Canary in the Cloud: Amazon CloudWatch Synthetics

Background

HumanGov is a Model Automated Multi-Tenant Architecture (MAMA) that is meant to be used by the 50 states for personnel tracking. Currently the architecture is fully automated on AWS. The architecture is not ready for go-live. All actions so far are for a proof-of-concept that is presented to the Chief Technical Officer (CTO) for review.

During the weekly team meeting, Woo (Tech Lead) reports that the applications have had several issues and none of the technical staff was aware of the problem. Ko (Operations Lead) reports that notification about issues comes from the end users and not from the infrastructure. Kim (Lead Developer) reports that the team wants to receive any notifications about application issues via their Slack channel.

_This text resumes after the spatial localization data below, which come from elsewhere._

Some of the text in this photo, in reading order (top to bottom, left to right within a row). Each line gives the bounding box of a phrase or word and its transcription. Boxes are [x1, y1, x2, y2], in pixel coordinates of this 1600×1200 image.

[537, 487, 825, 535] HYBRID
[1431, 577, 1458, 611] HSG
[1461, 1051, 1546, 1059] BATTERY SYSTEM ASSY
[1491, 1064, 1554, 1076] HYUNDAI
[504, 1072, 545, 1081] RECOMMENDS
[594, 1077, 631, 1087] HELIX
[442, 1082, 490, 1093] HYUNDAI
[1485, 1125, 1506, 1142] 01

You first get the team to agree on the set of problems (and root cause):
Problem 1: Developers unaware of application issues. (Applications are not monitored.)
Problem 2: Notification of issues comes from the end user. (Application is not tested from the end user perspective.)
Problem 3: Operations does not receive timely notifcation of issues. (Real-time Notification of issues is not implemented.)
Problem 4: Developers do not receive application issue notifications via Slack. (Notifications are not integrated with Slack.)

After some thought, you propose a solution to (the reported issues):
Use AWS CloudWatch to monitor the infrastructure. (Provide monitoring of application.)
Use AWS CloudWatch Synthetics Canaries to simulate end users. (Provide testing from the end user perspective.)
Use AWS CloudWatch Alarm to provide real-time notification of issues. (Provide real-time notification of issues.)
Use AWS Chatbot to deliver Slack notification. (Provide developers notifications via their Slack channel.)

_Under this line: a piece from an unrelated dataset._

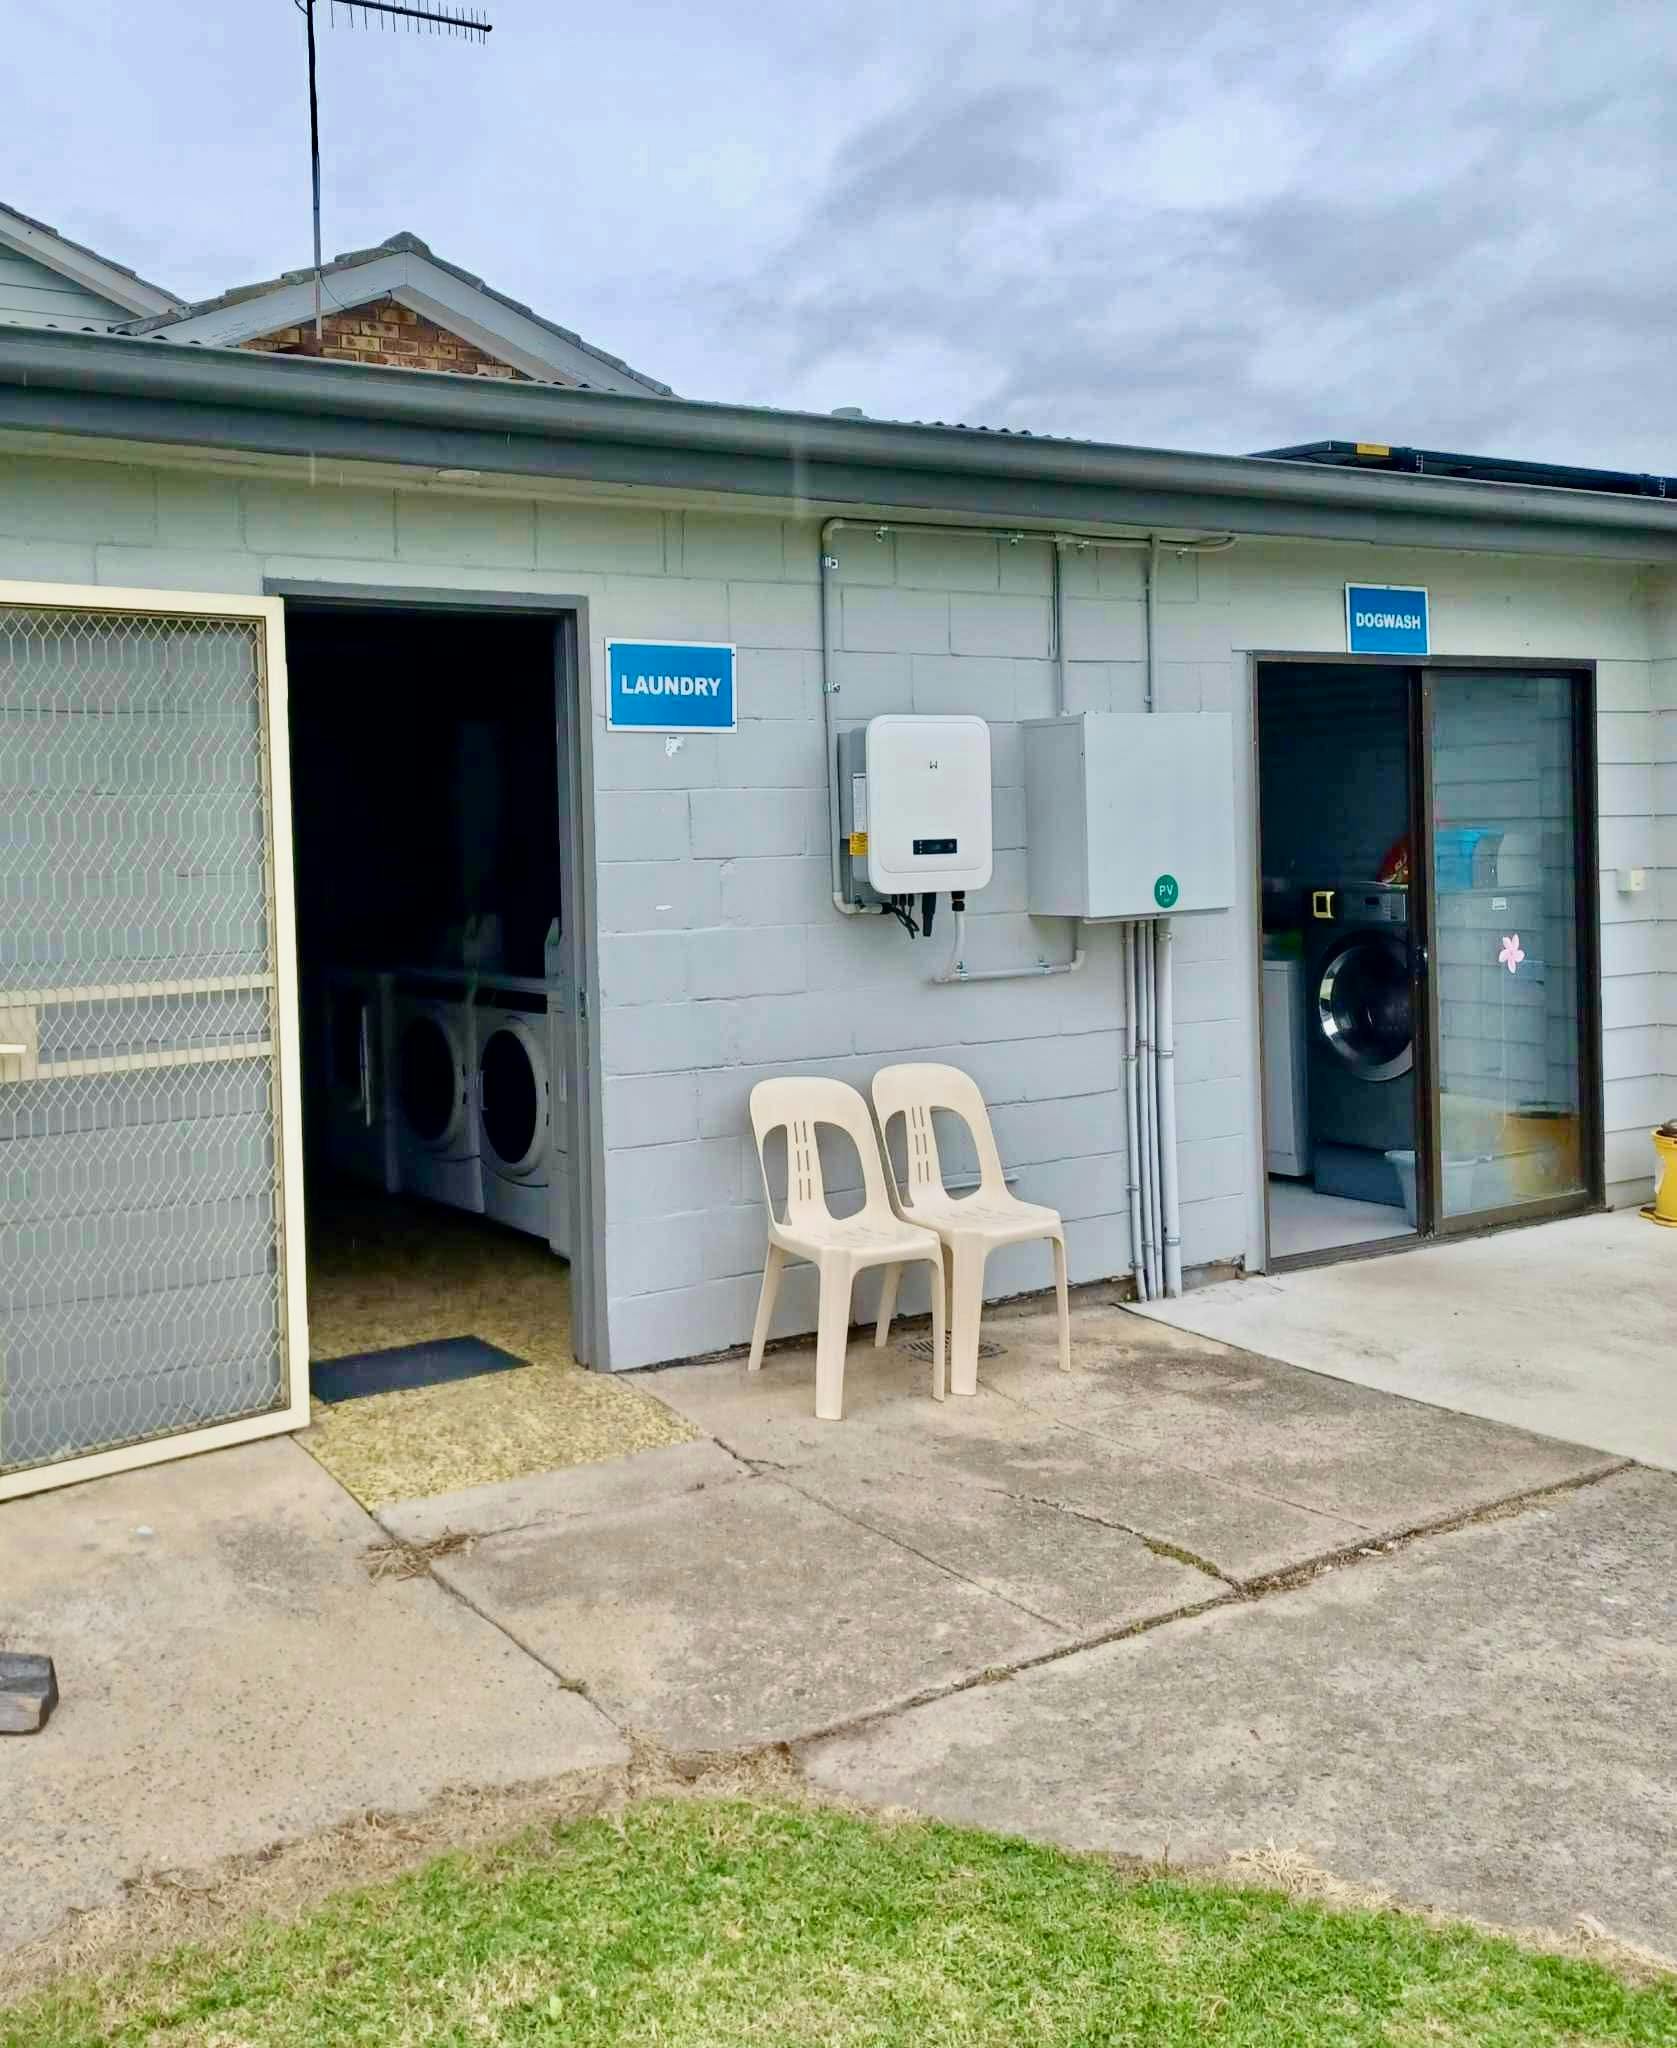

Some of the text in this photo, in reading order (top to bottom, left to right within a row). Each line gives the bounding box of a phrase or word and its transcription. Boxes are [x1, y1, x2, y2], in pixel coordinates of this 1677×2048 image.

[1355, 612, 1421, 630] DOGWASH
[621, 674, 722, 697] LAUNDRY
[1159, 884, 1174, 896] PV

In this article, you will implement a Canary in the Cloud using Amazon CloudWatch Synthetics.

Highlighting some of the concepts that will be used in this solution:

Amazon CloudWatch

Amazon CloudWatch provides for monitoring and observation of your resources that are on-premises or on AWS. Even though CloudWatch may not have been specifically called out in earlier articles, it has come in handy for troubleshooting whenever I ran into issues.

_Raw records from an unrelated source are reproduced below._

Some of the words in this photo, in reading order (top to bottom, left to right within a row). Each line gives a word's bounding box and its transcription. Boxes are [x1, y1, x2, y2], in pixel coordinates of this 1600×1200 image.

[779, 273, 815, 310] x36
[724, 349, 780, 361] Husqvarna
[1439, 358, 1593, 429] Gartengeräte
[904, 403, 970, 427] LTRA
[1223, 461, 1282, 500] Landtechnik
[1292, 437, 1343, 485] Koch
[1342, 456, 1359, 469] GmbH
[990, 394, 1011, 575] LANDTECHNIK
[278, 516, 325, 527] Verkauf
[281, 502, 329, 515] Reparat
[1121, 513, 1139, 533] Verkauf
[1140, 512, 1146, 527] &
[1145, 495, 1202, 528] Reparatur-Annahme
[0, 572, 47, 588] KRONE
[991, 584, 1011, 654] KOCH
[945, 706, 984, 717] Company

Amazon Simple Notification Service (Amazon SNS)

Do you want notifications to come from your AWS services? SNS is the fully-managed way to provide notifications via publisher/subscriber, SMS, email or mobile push.

AWS ChatBot

The AWS Chatbot is used to troubleshoot, monitor and operate AWS environments from chat channels. In this article, we will deliver a notification from AWS to an external Slack channel. This integration leverages the AWS Chatbot, which can format notifications and send them to chat clients.

Canary in the coal mine

Canaries are considered a "sentinel species" which means they are a type of organism that can provide an advance notficiation to humans of some danger. Canaries were used historically to detect problems in coal mines as they would become sick from toxic gas sooner than humans would. Thus, the intent behind the "Canary in the Cloud" analogy is that you want to detect that a problem is occurring before the problem gets bad enough to impact all 50 states.

Prequisite 1 of 1. A Kubernetes cluster named `humangov-cluster` with at least one HumanGov Application state deployed running on Amazon EKS.

If you need instructions for that, check the series on Kubernetes.

If you followed my example from the Kubernetes article, you probably have a few pieces to re-do. I'll list them here, so you have a check-list. Disclaimer: the information below is based on the context of having gone through the prior series. There are assumptions/pre-requisites for the information provided here, and if it doesn't work for you, refer to the prior series. For the sake of brevity, screenshots are not included here. Please see the prior series of articles if you want to see some images.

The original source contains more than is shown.